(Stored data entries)
####

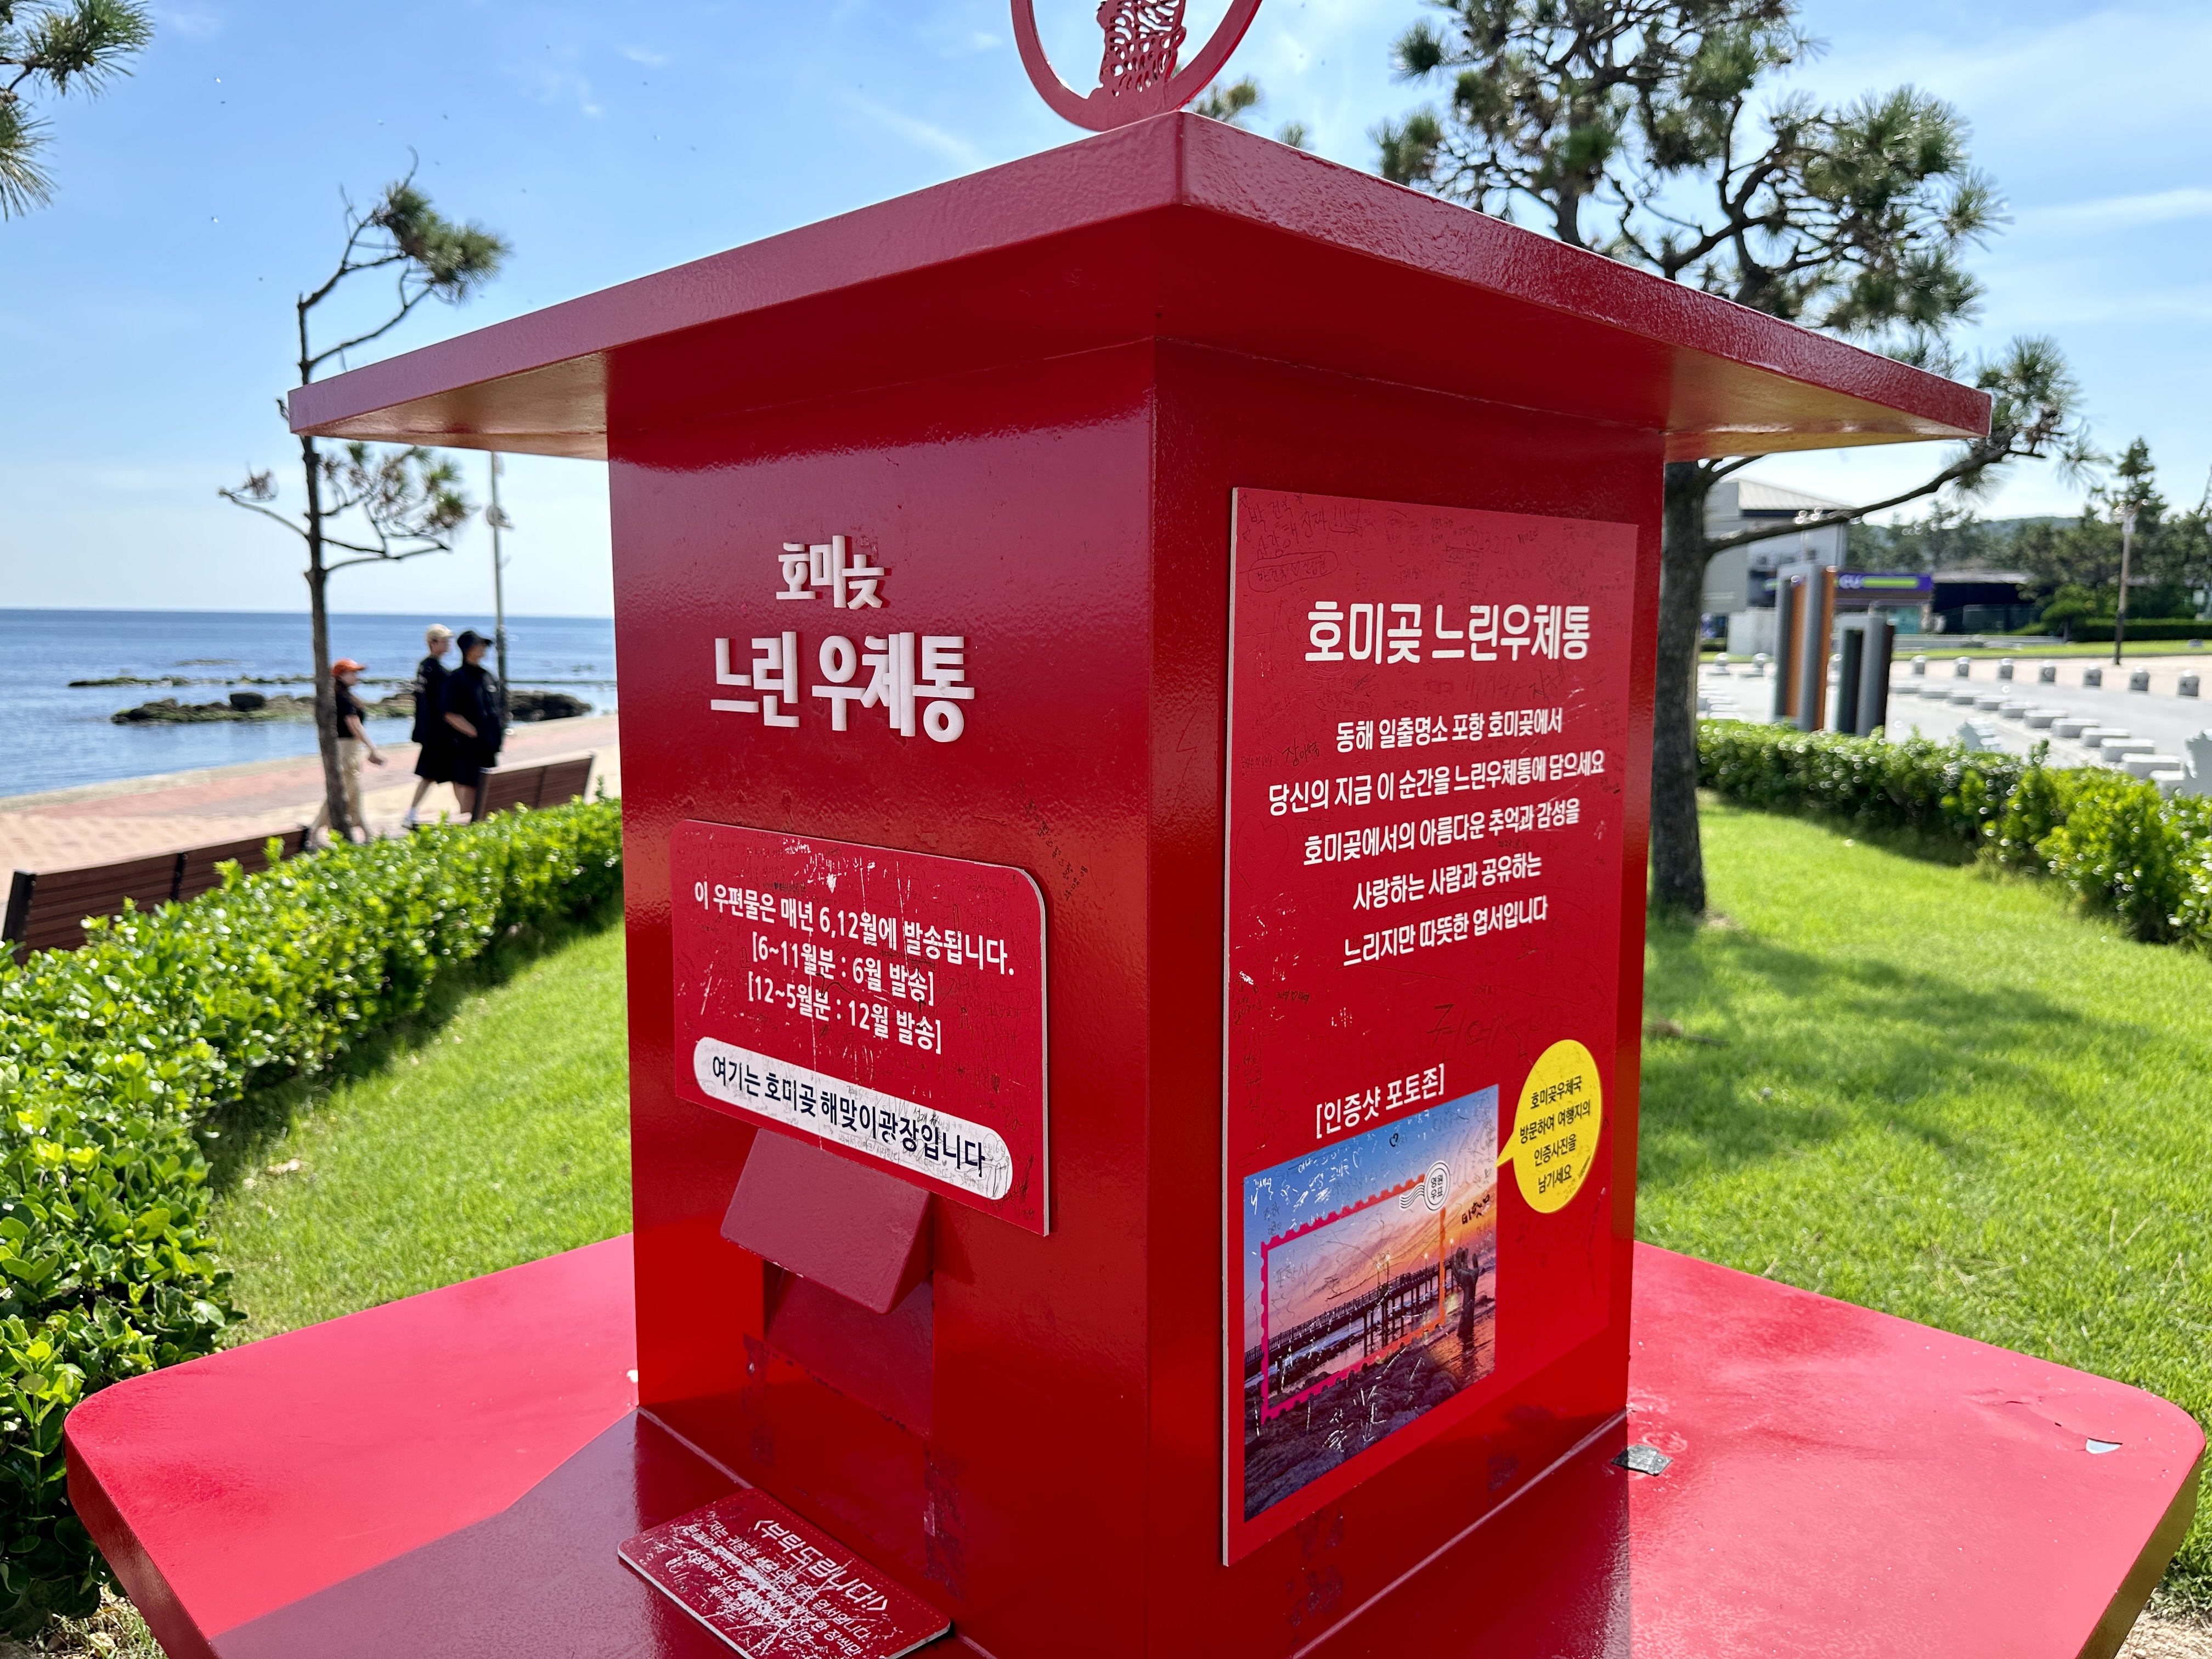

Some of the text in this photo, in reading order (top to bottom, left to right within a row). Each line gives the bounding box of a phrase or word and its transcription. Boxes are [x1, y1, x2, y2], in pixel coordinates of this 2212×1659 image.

[1305, 601, 1590, 664] 호미곶 느린우체통
[711, 631, 974, 743] 느린 우체통
[1335, 708, 1563, 753] 동해 일출명소 포항 호미곶에서
[1268, 749, 1605, 816] 당신의 지금 이 순간을 느린우체통에 담으세요
[1303, 798, 1580, 866] 호미곶에서의 아름다운 추억과 감성을
[1352, 851, 1542, 911] 사랑하는 사람과 공유하는
[695, 881, 1015, 975] 이 우편물은 매년 6,12월에 발송됩니다.
[1344, 895, 1549, 967] 느리지만 따뜻한 엽서입니다
[752, 932, 836, 980] [6~11월분
[853, 958, 882, 992] 6월
[889, 962, 934, 1007] 발송]
[748, 970, 831, 1022] [12~5월분
[849, 1000, 889, 1039] 12월
[896, 1009, 941, 1054] 발송]
[713, 1056, 761, 1097] 여기는
[765, 1072, 817, 1117] 호미곶
[820, 1091, 985, 1178] 해맞이광장입니다
[1316, 1063, 1444, 1139] [인증샷 포토존]
[1519, 1098, 1591, 1144] 방문하여 여행지의
[1530, 1075, 1582, 1109] 호미곶우체국
[1534, 1133, 1576, 1167] 인증사진을
[1538, 1164, 1572, 1194] 남기세요
[1431, 1186, 1443, 1200] 우표
[682, 1547, 745, 1592] 사용해주시면
[704, 1520, 732, 1538] 저는
[723, 1534, 760, 1559] 귀중한
[810, 1599, 874, 1643] 엽서입니다.
[810, 1620, 830, 1632] 한
[821, 1628, 864, 1657] 장씩만

####

* _EXERCISE GOAL_
Where an entry contains an image, skip the image and write out the rest exactly.

* _RESULT FOR THIS TASK_
Some of the text in this photo, in reading order (top to bottom, left to right within a row). Each line gives the bounding box of a phrase or word and its transcription. Boxes are [x1, y1, x2, y2], in pixel coordinates of this 2212×1659 image.

[1305, 601, 1590, 664] 호미곶 느린우체통
[711, 631, 974, 743] 느린 우체통
[1335, 708, 1563, 753] 동해 일출명소 포항 호미곶에서
[1268, 749, 1605, 816] 당신의 지금 이 순간을 느린우체통에 담으세요
[1303, 798, 1580, 866] 호미곶에서의 아름다운 추억과 감성을
[1352, 851, 1542, 911] 사랑하는 사람과 공유하는
[695, 881, 1015, 975] 이 우편물은 매년 6,12월에 발송됩니다.
[1344, 895, 1549, 967] 느리지만 따뜻한 엽서입니다
[752, 932, 836, 980] [6~11월분
[853, 958, 882, 992] 6월
[889, 962, 934, 1007] 발송]
[748, 970, 831, 1022] [12~5월분
[849, 1000, 889, 1039] 12월
[896, 1009, 941, 1054] 발송]
[713, 1056, 761, 1097] 여기는
[765, 1072, 817, 1117] 호미곶
[820, 1091, 985, 1178] 해맞이광장입니다
[1316, 1063, 1444, 1139] [인증샷 포토존]
[1519, 1098, 1591, 1144] 방문하여 여행지의
[1530, 1075, 1582, 1109] 호미곶우체국
[1534, 1133, 1576, 1167] 인증사진을
[1538, 1164, 1572, 1194] 남기세요
[1431, 1186, 1443, 1200] 우표
[682, 1547, 745, 1592] 사용해주시면
[704, 1520, 732, 1538] 저는
[723, 1534, 760, 1559] 귀중한
[810, 1599, 874, 1643] 엽서입니다.
[810, 1620, 830, 1632] 한
[821, 1628, 864, 1657] 장씩만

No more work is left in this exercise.